By Shannon Boklaschuk
It’s a time of growth for the University of Saskatchewan’s (USask) Social Sciences Research Laboratories (SSRL).
The SSRL’s physical footprint is getting bigger, and so are the number of projects and organizations it supports. In November, the SSRL opened the Mixed Methods Research Laboratory—its ninth lab—and is opening its 10th in the near future. The new Computational Research Laboratory will be located in the Murray Library.
The SSRL is expanding in other ways as well. The SSRL has entered into a partnership with CBC Saskatchewan to gauge how residents feel about a variety of issues. The collaboration is similar to the work the SSRL does for Postmedia News Saskatchewan—conducting public opinion surveys that provide data for news articles.
“The SSRL, as it exists right now, is a unique entity,” said director Jason Disano. “Nothing like this exists anywhere else—not in Canada, not the U.S., and not abroad.”
Housed in the College of Arts and Science, the SSRL is a support unit that assists faculty members and students with their research projects and also works with organizations off campus, such as the Saskatchewan Health Authority, the City of Saskatoon, the Office of the Treaty Commissioner, and other Canadian universities.
“One of the things that makes this unit distinct or unique is we operate under what’s called a public utility model,” said Disano. “That means anyone, anywhere, can access the unit and work with us.”
In the fiscal year ending April 30, 2018, the SSRL supported 339 unique research studies and worked with 521 researchers, of which 445 were from USask.
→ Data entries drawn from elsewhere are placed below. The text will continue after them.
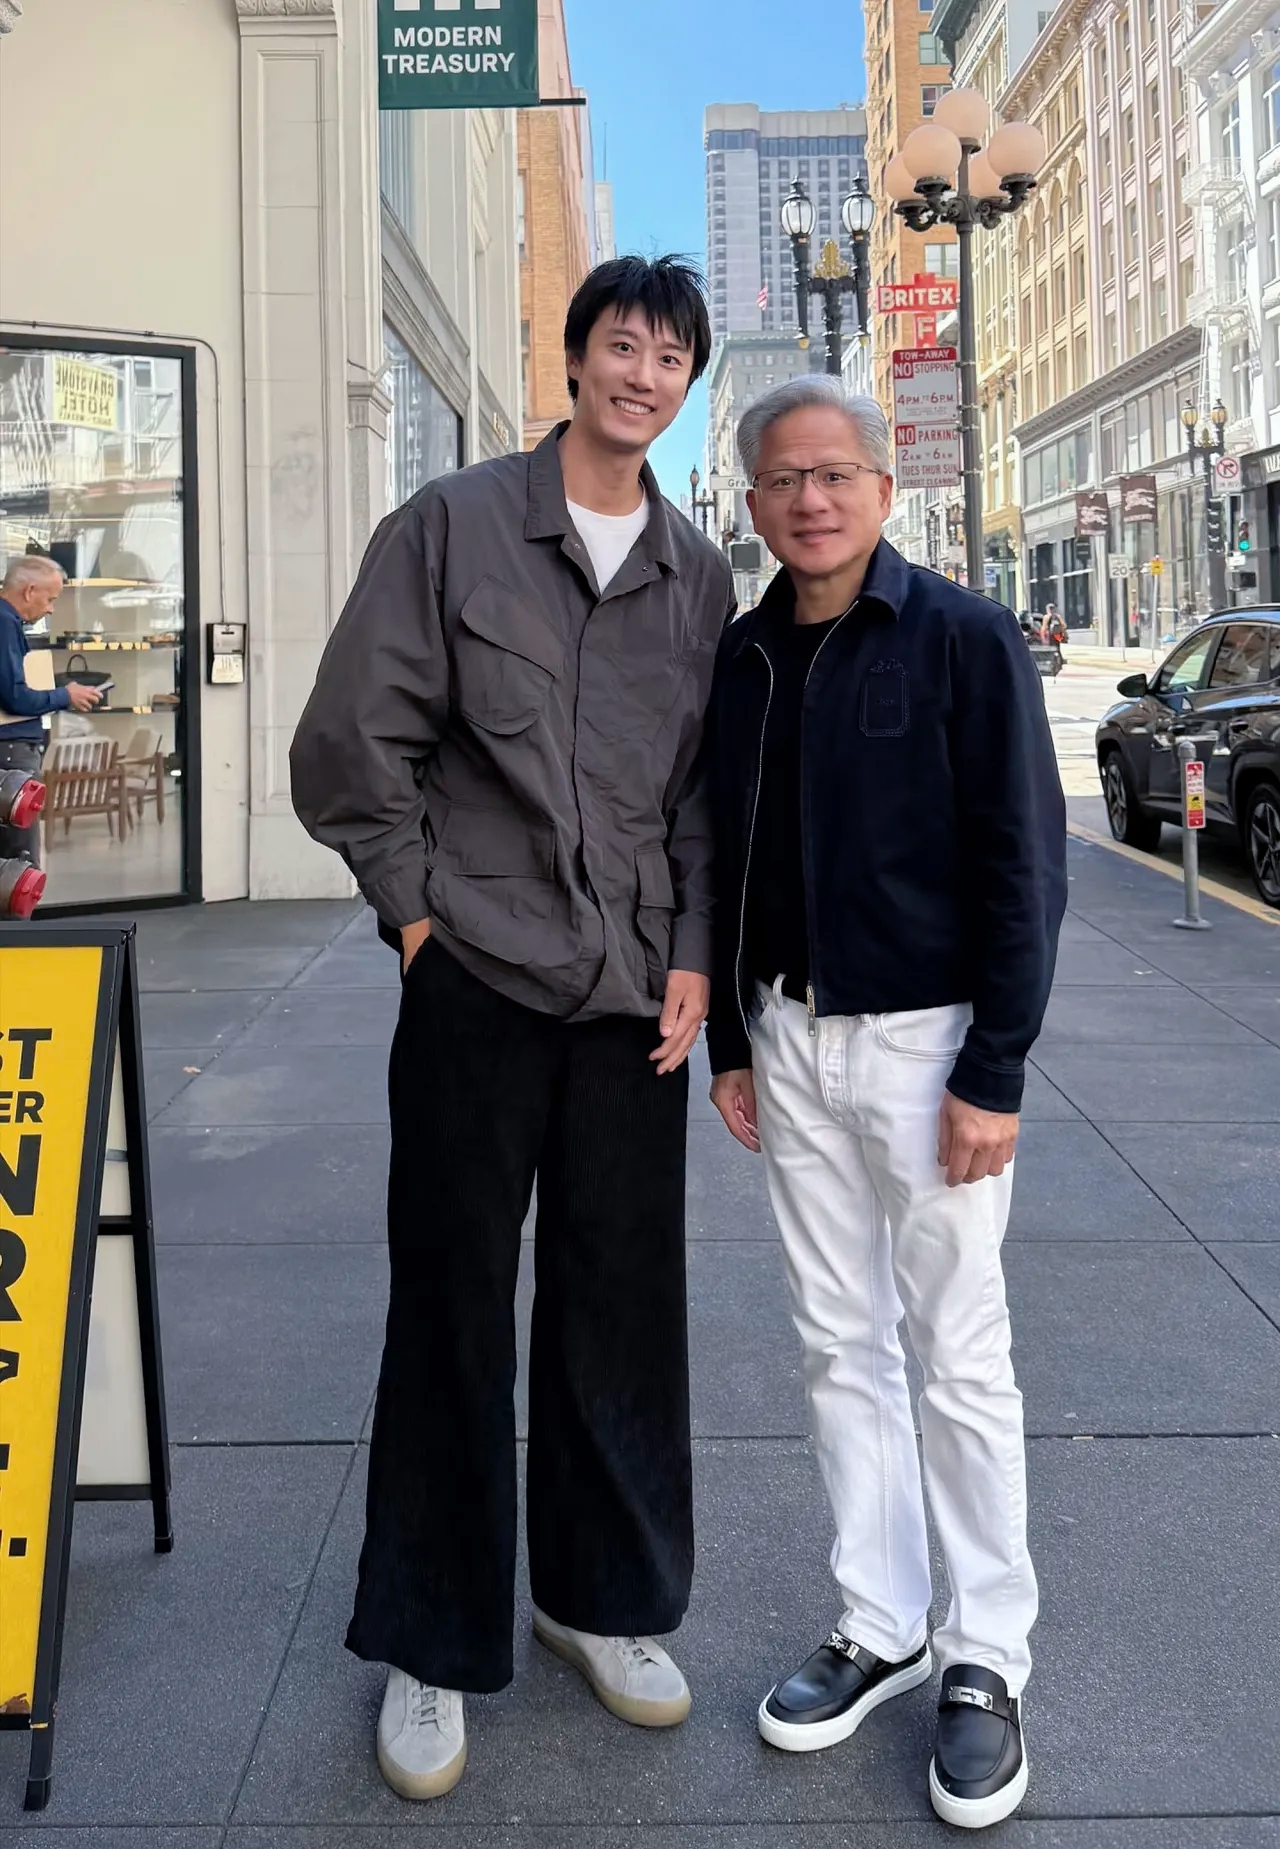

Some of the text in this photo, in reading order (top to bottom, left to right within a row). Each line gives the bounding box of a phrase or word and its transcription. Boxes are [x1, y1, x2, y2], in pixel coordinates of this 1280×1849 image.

[394, 26, 502, 47] MODERN
[382, 53, 515, 74] TREASURY
[880, 287, 954, 310] BRITEX
[899, 349, 950, 361] TOW-AWAY
[894, 362, 955, 377] NO STOPPING
[897, 427, 958, 445] NO PARKING
[727, 479, 747, 487] Gra
[1112, 566, 1127, 576] 20
[0, 1028, 53, 1080] T
During that same time period, 706 undergraduate and graduate students worked with the SSRL.
“One of the things that we’re really excited about is that we engage so many students in the work that we do,” said Disano.
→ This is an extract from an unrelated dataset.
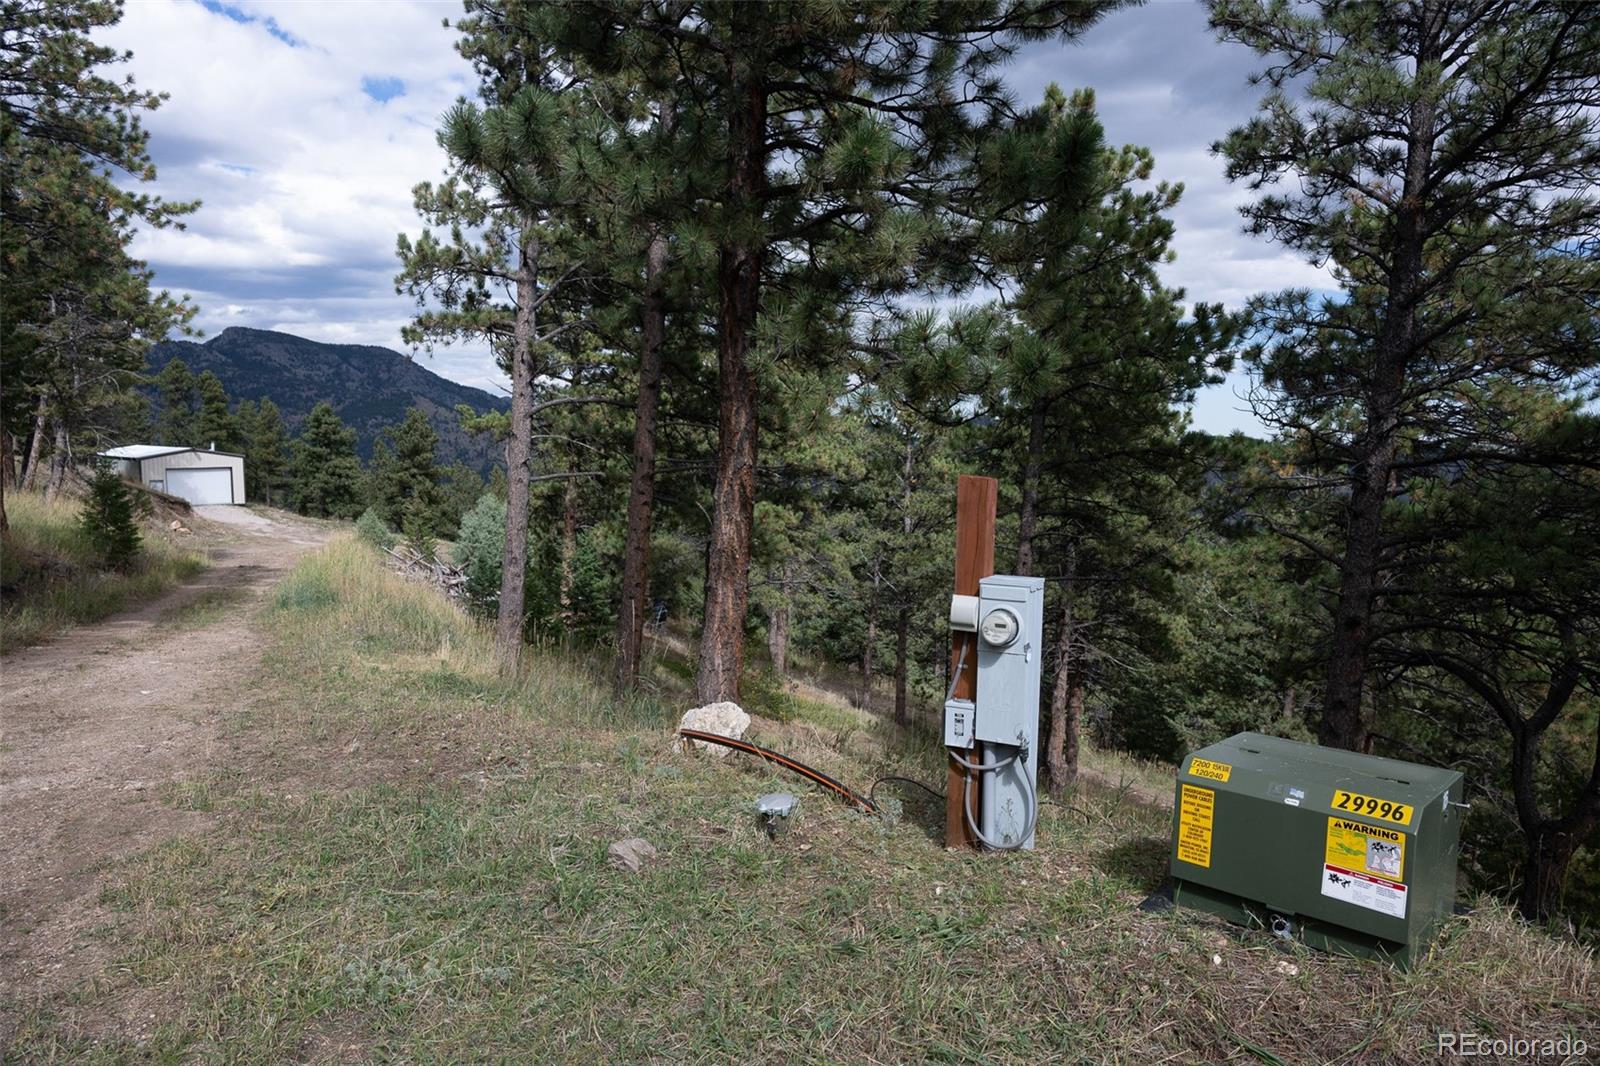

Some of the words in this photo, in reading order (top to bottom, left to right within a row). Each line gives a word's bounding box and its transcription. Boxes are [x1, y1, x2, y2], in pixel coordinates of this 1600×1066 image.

[1193, 760, 1211, 769] 7200
[1195, 769, 1224, 780] 120/240
[1337, 793, 1404, 821] 29996
[1343, 821, 1399, 841] WARNING
The SSRL has grown quickly in a relatively short period of time. Disano was the only staff member when the unit opened in 2011; now there are 10.
He said one of the biggest assets is the staff, since the employees have training and expertise in a variety of areas. They help researchers with grant applications and with developing sections of ethics applications, as well as collect, analyze and report on data.
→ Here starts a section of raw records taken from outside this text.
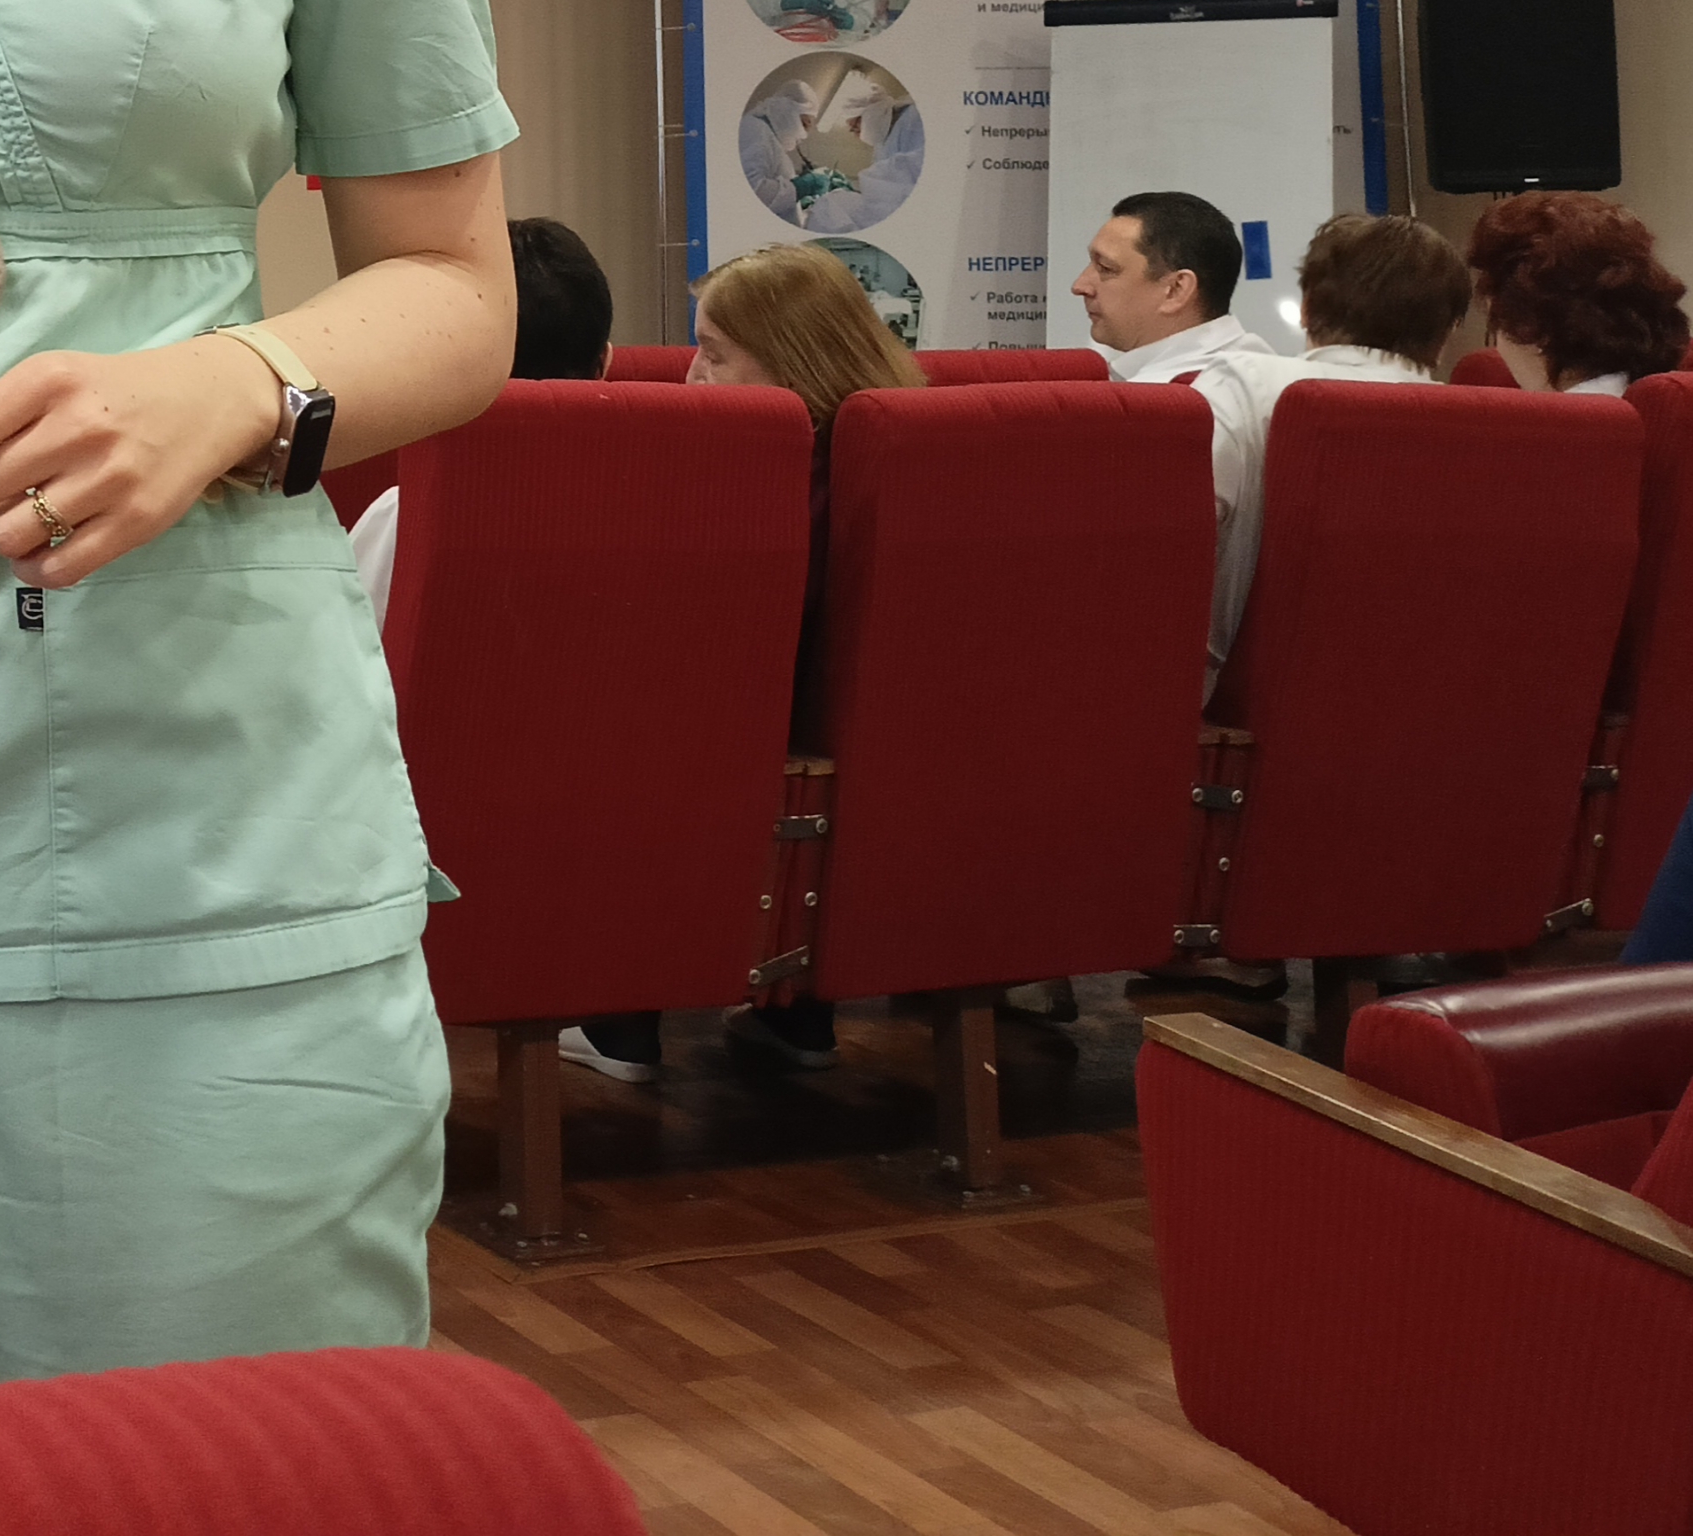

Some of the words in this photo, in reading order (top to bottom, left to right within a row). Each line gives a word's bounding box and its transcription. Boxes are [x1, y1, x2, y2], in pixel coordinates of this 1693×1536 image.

[977, 2, 987, 12] и
[981, 125, 1049, 140] Непреры
[967, 256, 1047, 272] НЕПРЕР
[986, 291, 1039, 304] Работа
[987, 310, 1047, 322] медици
While the SSRL is supporting more projects every year, what also excites Disano is that the projects are becoming larger in scope and scale. He attributes that to the way the SSRL functions. While other Canadian universities have some of the assets that the SSRL has—for example, there’s a telephone survey facility at the University of Waterloo and decision labs at McMaster University and at the University of Calgary—“no one’s pulled those pieces together, under one roof, like we have,” he said.
“Of course there’s an economy of scale in supporting all these labs, but the bigger benefit is we can actually do bigger, more complex, more sophisticated—I guess I could say ‘cooler’—research projects because we have all those different pieces under one roof,” said Disano. “The SSRL keeps growing and expanding based on the need and demand that we’re seeing from our researchers.”